Wednesday, December 25, 2013

The Old Self?
I am now back at Jom Gom Mountain Monastery, where it is quite cool and refreshing. This is the best season to be here, with dry, sunny days and a fresh northerly wind. The leaves are falling and the soft sunlight gives the sense of a long temperate-climate autumn. Recently an out of season rainfall has temporarily refilled the streams. With morning temperatures of 14C-16C, many people are complaining about the cold while huddling around smoky fires.


For the last month I was in Bangkok for dental treatment. What started out as repairing a broken tooth turned into an extensive treatment programme which has included three fillings, two root canals and two bridges. Yet to come are one crown and a teeth guard. Khun Meaw and Khun Tun have been exceedingly generous to arrange the appointments, provide transport to and from appointments and, together with family and friends, meeting all expenses. My only part was to be a good patient and endure the noise of Bangkok. The benefit, however, of staying so long in Bangkok was that I was able to meet up with many Sangha members as they passed through. Thus I met Ajahn Achalo (Australian abbot of Anandagiri Monastery, Petchaboon Province) and Tan Pavaro (Canadian, ordained at Birken Monastery) on their way to India; Ajahn Preecha visiting from Santacittarama Monastery in Italy; Ajahn Amaro and Ajahn Jayanto on a short teaching trip to Thailand; Ajahn Viradhammo from Tisarana Monastery, Ottawa, visiting LP Sumedho and Wat Pah Pong; Ajahn Cagino from Dhammagiri Monastery (and Orphanage) in Mae Hong Son Province, as well as a number of other western monks.

View of the 'concrete jungle' of Bangkok from the roof of the Sangha residence.

On the journey back here I met someone who had just had an operation to remove a tumour on his neck. I asked him if he was fully recovered and he responded that physically he was recovered, but that he was not feeling quite his old self yet. This was the start of a discussion and reflections upon what our 'old self' really is. Fortunately, as a Buddhist he knew the Buddha's teaching that what we take to be 'self' is constantly changing, so he didn't take his loss of 'old self' seriously.

Twice over the last few months I have also had the experience of not feeling like my 'old self'. During the Rains Retreat I came down with an extremely heavy fever which was severely debilitating. I spent four days on my back and another 10 days recovering my normal strength. A side-effect of this was the strange sense of having part of the brain atrophied. At times I felt like a visitor from some other planet, gazing out of the skull at some unusual landscape which I could not quite process. Recently I took some medicine for allergy and experienced something similar. Although awake, it seemed that part of the thinking brain was asleep and could not be engaged. Although both of these experiences were quite 'peaceful' on the level of not having much mental activity, they were also not particularly clear or insightful. Especially unhelpful was trying to do some intellectual study.
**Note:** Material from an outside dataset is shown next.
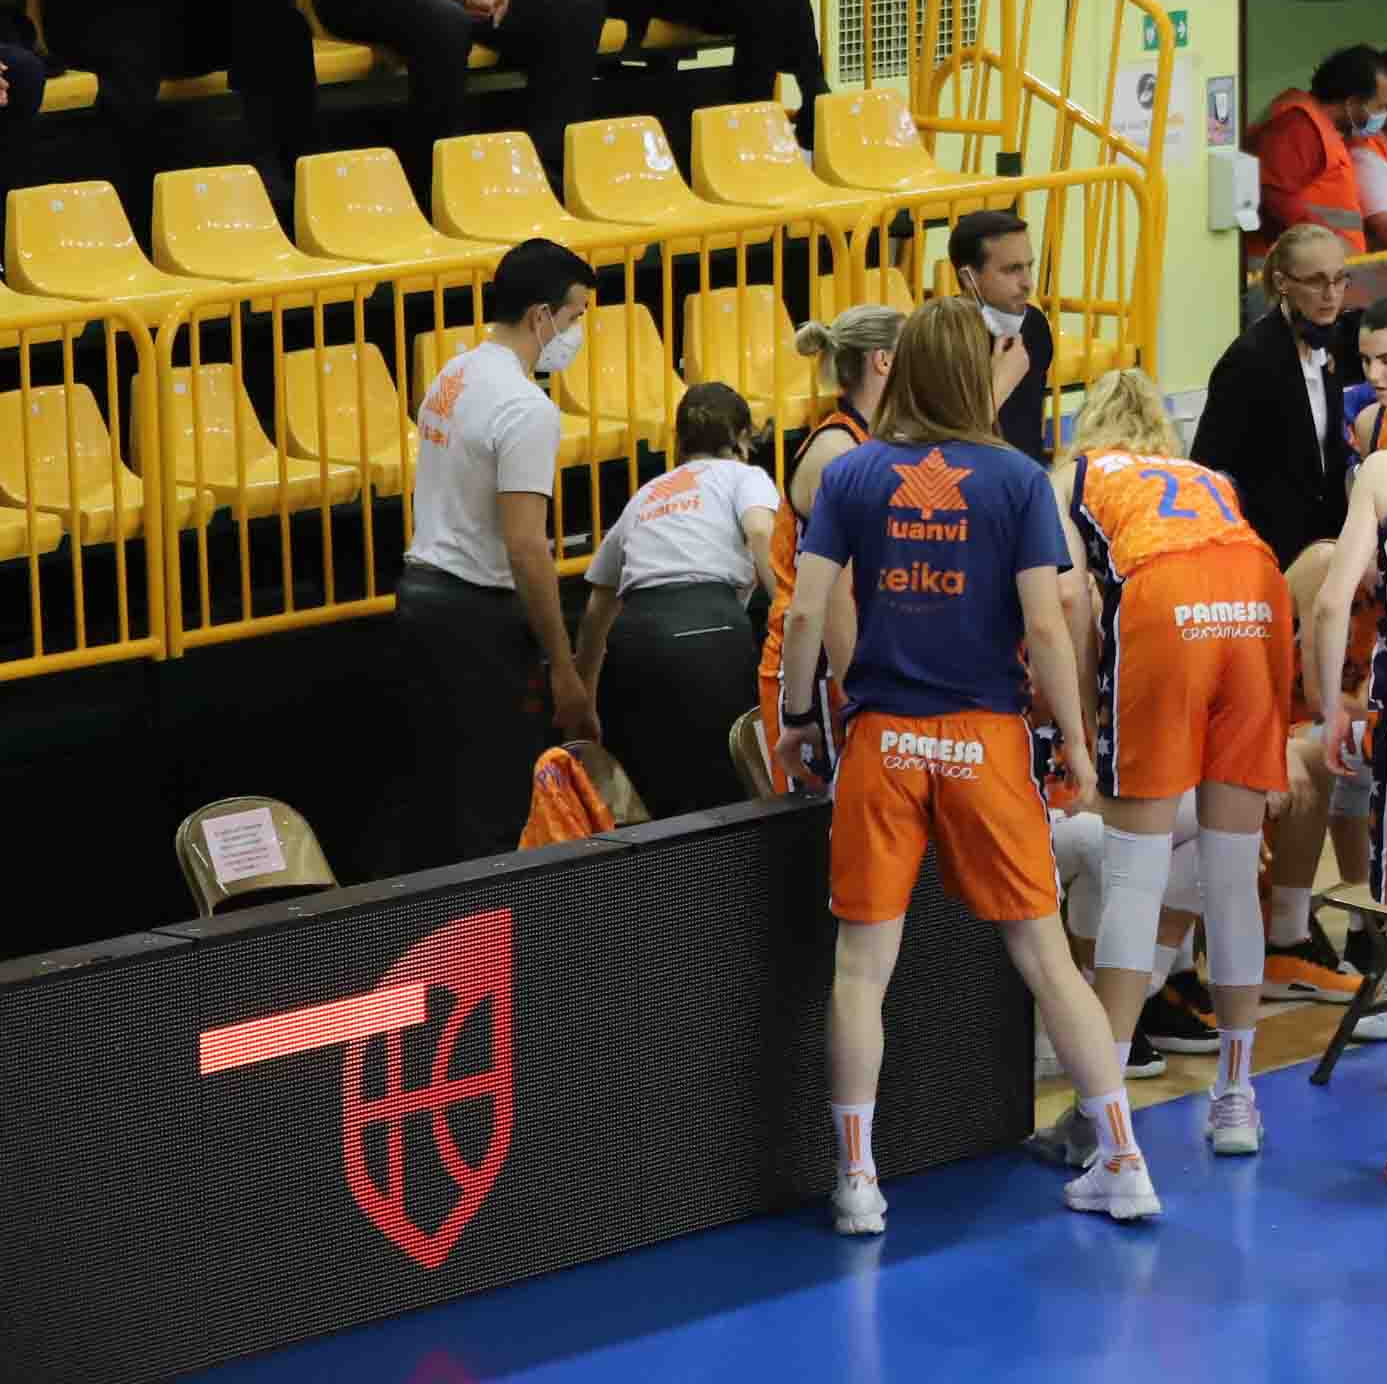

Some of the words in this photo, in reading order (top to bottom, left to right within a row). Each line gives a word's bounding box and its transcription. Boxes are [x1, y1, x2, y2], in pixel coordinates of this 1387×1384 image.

[1139, 468, 1239, 523] 21
[1174, 601, 1273, 627] PAMESA
[880, 731, 984, 765] PAMESA
It thus seems that our sense of self is just a habit. We become familiar with certain physical sensations, a certain type of mental/emotional environment and certain character traits, and then identify with them as being 'my self', even if they are not particularly pleasant or useful. Then when any of these factors change, we feel disoriented or confused. However, on closer inspection all these factors are actually changing constantly, sometimes quickly as in the case of illness, or sometimes slowly as with the ageing process. If we can acknowledge this, we can see how much energy we expend on trying to preserve a constant sense of self against the ever-changing tide of life, and how much this wisdom would allow us to flow with its ups and downs.

Of course, one of the key elements of the Buddha's teaching is the unsubstantiality of a self. Where other spiritual teachers assumed some permanent entity called Self or soul, the Buddha saw only dynamic changing processes which constitute 'I-making'. And this is not just some philosophical theory, but can be seen directly for ourselves. For example, carefully observe waking up in the morning. When consciousness starts to wake up, first there are basic sense impressions: bodily sensations, sights, sounds, etc. Then you may notice a thirst for existence: 'What is going on here?', then the grasping of identity: 'I am sensing, thinking, etc.' and the coming-into-existence of being me: 'I have to go here and do that'. It is only through clearly seeing this creative process occurring that we are able to relinquish the nourishing of it. It is much more peaceful not to create more self identity, which we then need to maintain and prevent ourselves from losing amidst the ever-changing flow of life.



The sun-parched plateau near the cave.